WCT's 9MFY24 results matched expectations, showing broad- based improvement from the construction segment following the absence of work prolongation and cost escalation in the previous period, while higher property sales and billings pushed property earnings higher. The listing of its REIT, which is expected by 1QCY25, is the start of a re-rating exercise while several projects in the pipeline will propel its earnings prospects. Maintain OUTPERFORM with an unchanged TP of RM1.43.
9MFY24 in line. At 31%/35% of house/street's FY24 forecast, we deem 9MFY24 core profit of RM16.6m within expectations as stronger 4QFY24 earnings is expected in the absence of the distribution of profits to the holders of its Perpetual Sukuk. No dividend was declared during the period as expected as it normally pays a final dividend in the 4th quarter.
YoY. Despite revenue dipping 3% to RM1.28b, WCT reported core profit of RM16.6m in 9MFY24 from a core loss of RM8.2m in 9MFY23.
This was due to a broad-based improvement from construction and property segments due to higher sales and billing of property unit while the significant improvement in construction unit, we believe, was due to adjustments for work prolongation and escalation in raw material and labour costs previously. The decline in revenue was attributable to slower construction progress.
QoQ. While lower revenue was lower by 16%, it reported RM10.8m core loss in 3QFY24 vs. RM31.3m core profit in the preceding quarter, due mainly to the half-yearly distribution of profits to the holders of its Perpetual Sukuk. The decline in topline was mainly due to a slower construction progress coupled with lower property sales by 14%.
Outlook. We believe WCT is poised for a brighter earnings outlook on the impending roll-out of various public infrastructure projects such as:
(i) Penang International Airport expansion project, (ii) Pan Borneo Sabah, (iii) Subang Airport Regeneration plan (RM3.7b), and (iv) various government hospitals. Furthermore, the de-gearing exercise should strengthen its balance sheet, enabling growth in its property development segment through delivery of value-enhancing projects.
As at Sep 2024, its outstanding order book stood at RM2.93b from RM3.15b three months ago, while its tender book stands at > RM13b currently. Also helping is the more benign cost environment.
Forecasts. Maintained.
Valuations. We maintain our SoP-driven TP of RM1.43 (see Page 3) with unchanged: (i) 12x construction FY25 PER, which is at a discount to 22x we ascribed to large contractors given WCT's much smaller size, (ii) a 75% discount to its property RNAV, which is at the steeper end of our property company valuation to reflect the low realisability of WCT's GDV, and, (iii) RM2.44b REIT listing. There is no adjustment to our TP based on ESG given a 3-star rating as appraised by us (Page 5).
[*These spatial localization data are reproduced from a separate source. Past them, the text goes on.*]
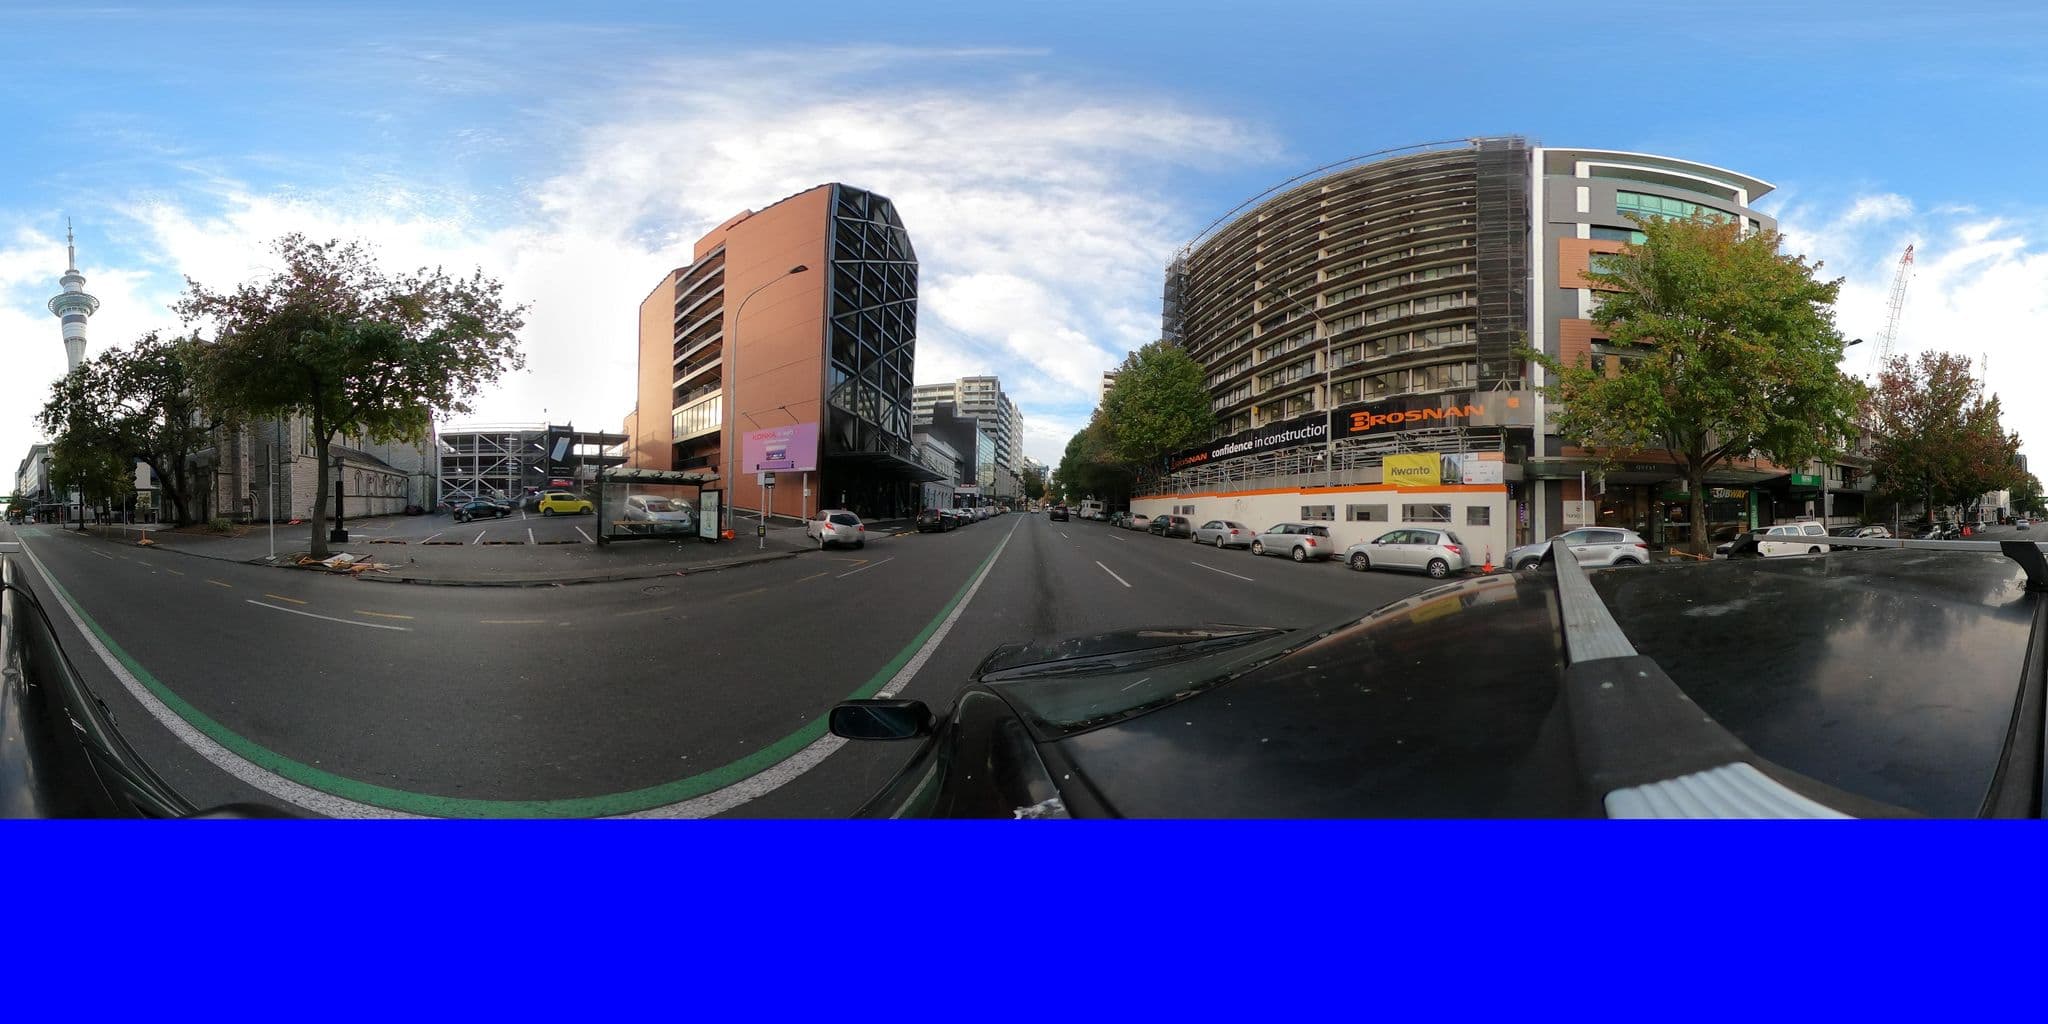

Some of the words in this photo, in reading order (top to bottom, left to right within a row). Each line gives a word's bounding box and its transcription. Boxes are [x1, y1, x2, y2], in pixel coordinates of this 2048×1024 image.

[1350, 405, 1485, 432] BROSNAN
[1211, 441, 1253, 458] confidence
[1254, 436, 1263, 448] in
[1391, 466, 1430, 476] Kwanto
[1712, 487, 1748, 499] SUBWAY
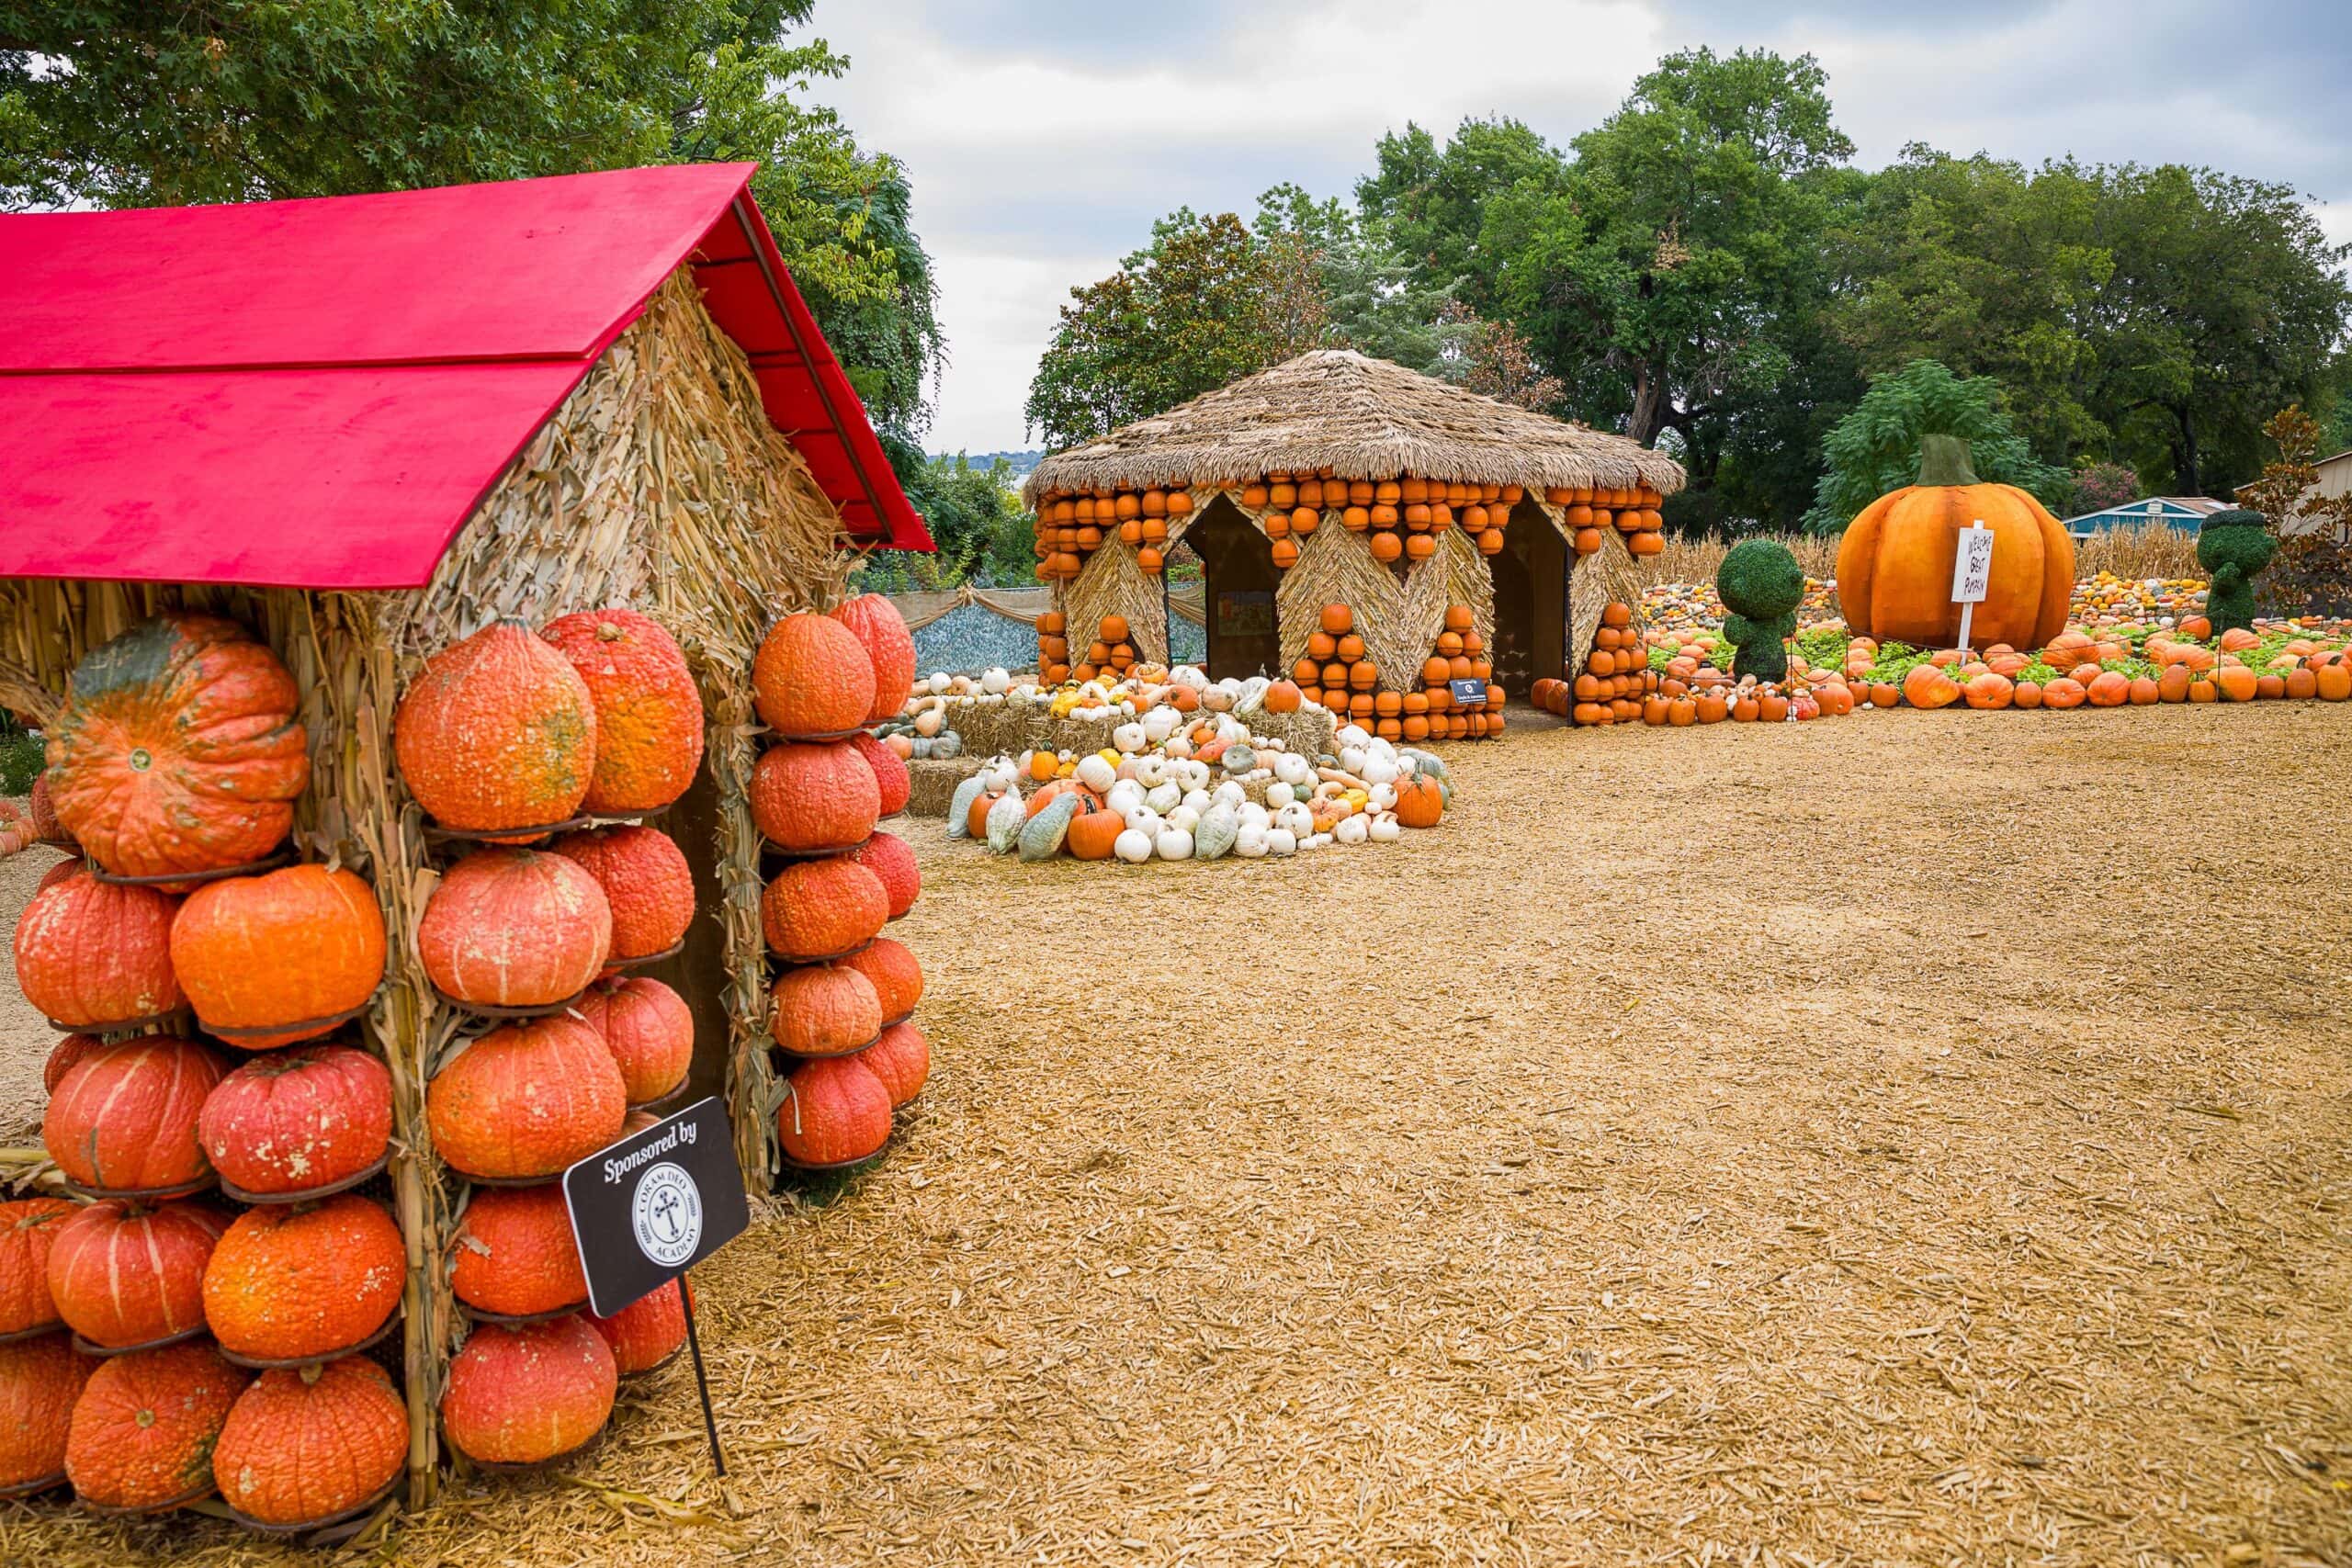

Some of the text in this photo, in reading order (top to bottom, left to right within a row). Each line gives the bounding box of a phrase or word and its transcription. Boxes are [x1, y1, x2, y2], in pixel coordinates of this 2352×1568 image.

[1968, 535, 1992, 556] WELCOME
[1963, 576, 1985, 595] PUMPKIN
[604, 1121, 696, 1184] Sponsored by
[639, 1171, 686, 1213] CORAM DEO
[656, 1228, 696, 1258] ACADEMY
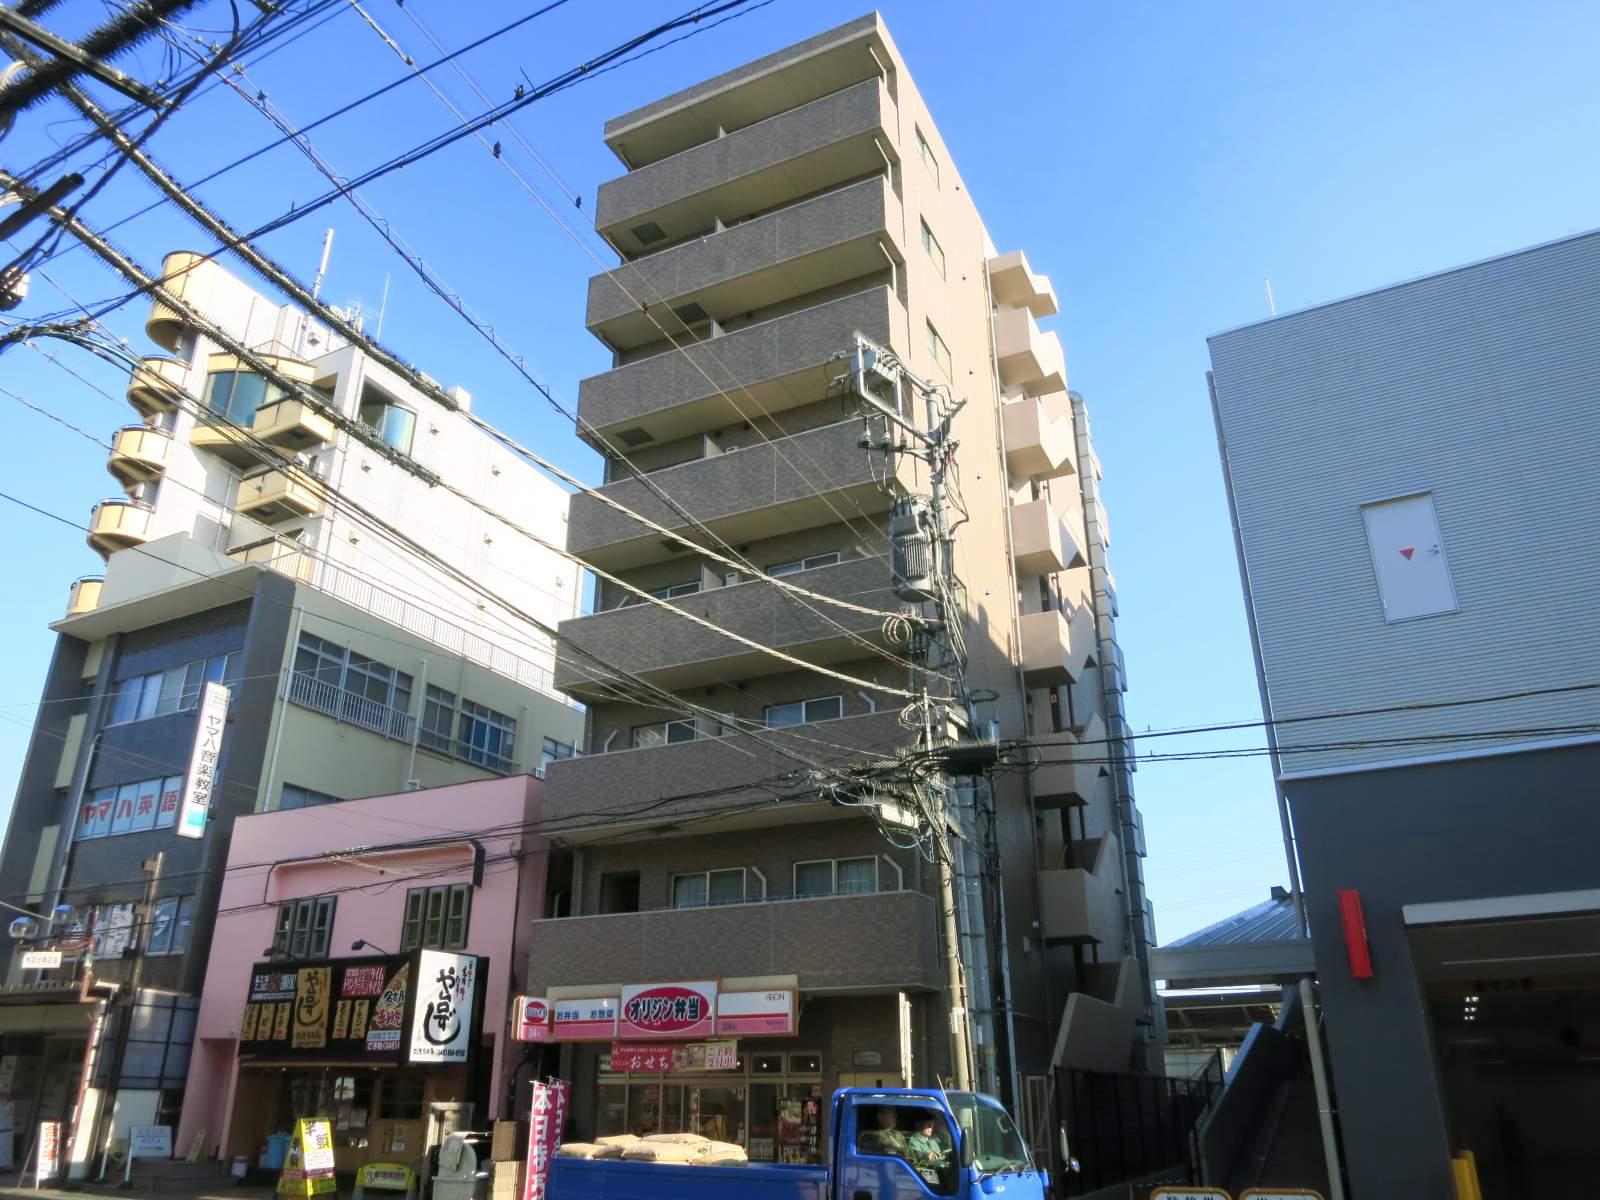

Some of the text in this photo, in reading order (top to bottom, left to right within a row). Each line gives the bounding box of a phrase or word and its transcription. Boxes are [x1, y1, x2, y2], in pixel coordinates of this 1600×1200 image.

[192, 714, 222, 806] ヤマハ音楽教室
[82, 790, 180, 825] ヤマハ英語
[556, 1011, 580, 1020] お弁当
[629, 995, 700, 1022] オリジン弁当
[630, 1055, 669, 1069] おせち
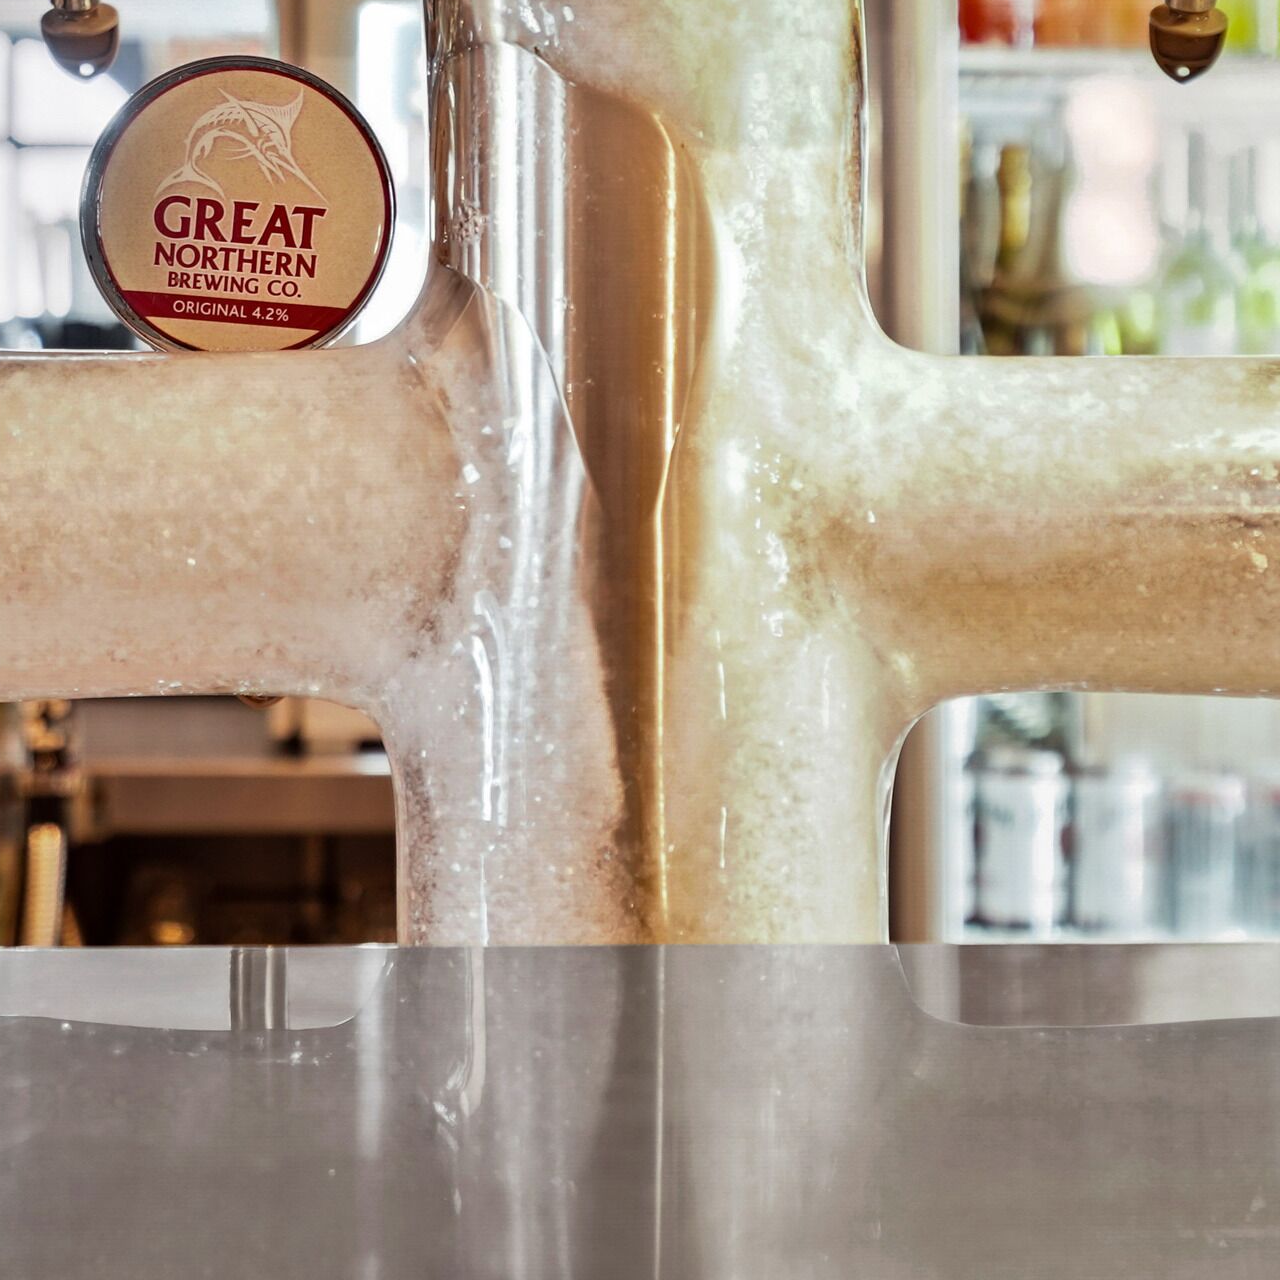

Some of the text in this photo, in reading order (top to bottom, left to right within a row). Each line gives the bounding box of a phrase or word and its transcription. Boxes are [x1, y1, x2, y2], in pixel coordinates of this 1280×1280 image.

Investment case. We like WCT for: (i) the improved prospects of the local construction sector with the anticipated roll-out of public projects, (ii) the recovery of its construction profits with the completion of low-margin legacy projects, and (iii) a potential re-rating on a lower risk premium as it de-gears its balance sheet via land disposals as well as the listing of its investment properties via a REIT. OUTPERFORM maintained.
Risks to our call include: (i) weak flow of construction jobs from public and private sectors, (ii) prolonged slowdown in the local property market, (iii) project cost overrun and liabilities arising from liquidated ascertained damages (LAD), (iv) rising building material cost, and, (v) failing to list its REIT assets.